[Start of Attachment]
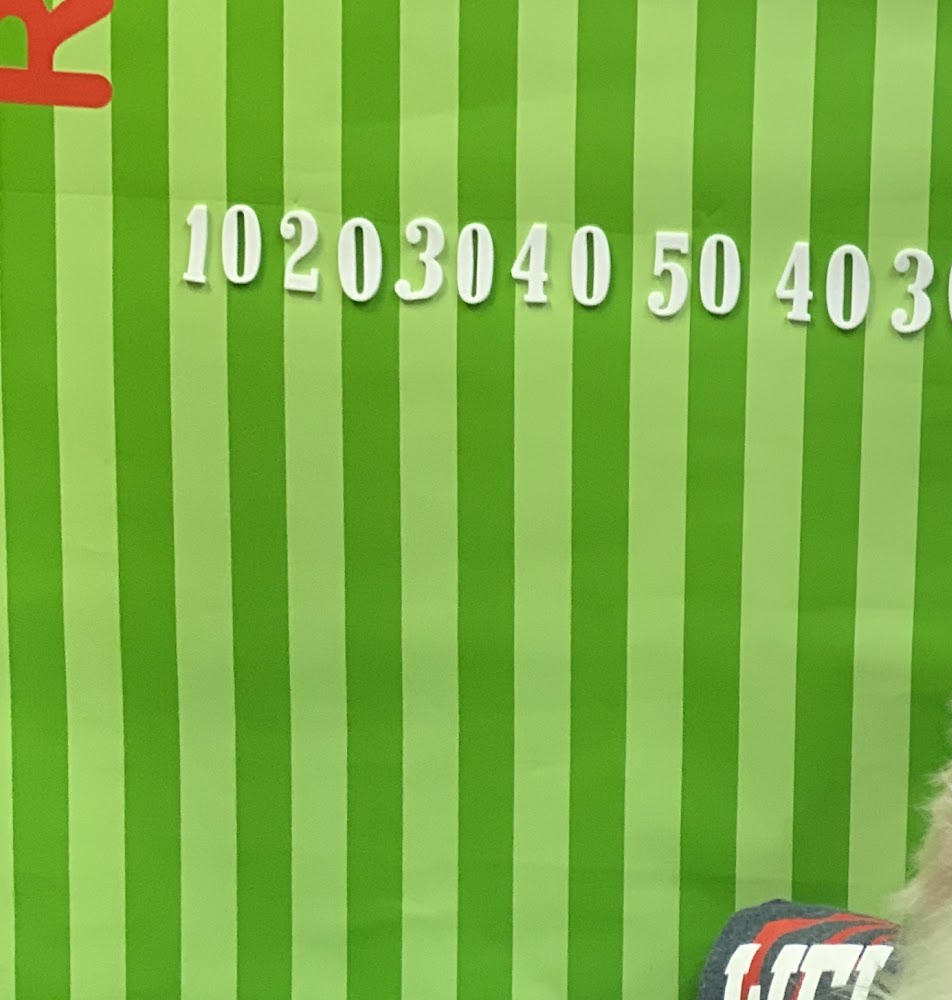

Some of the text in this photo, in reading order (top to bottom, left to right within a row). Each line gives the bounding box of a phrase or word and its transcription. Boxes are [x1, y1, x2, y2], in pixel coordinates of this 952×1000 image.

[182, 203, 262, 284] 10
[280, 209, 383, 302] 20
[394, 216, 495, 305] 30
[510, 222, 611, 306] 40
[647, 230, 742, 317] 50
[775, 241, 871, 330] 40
[End of Attachment]
→ **Task prompt**: Word for word, restate the whole listing and drop the images.

→ **Output for this exercise**:
Some of the text in this photo, in reading order (top to bottom, left to right within a row). Each line gives the bounding box of a phrase or word and its transcription. Boxes are [x1, y1, x2, y2], in pixel coordinates of this 952×1000 image.

[182, 203, 262, 284] 10
[280, 209, 383, 302] 20
[394, 216, 495, 305] 30
[510, 222, 611, 306] 40
[647, 230, 742, 317] 50
[775, 241, 871, 330] 40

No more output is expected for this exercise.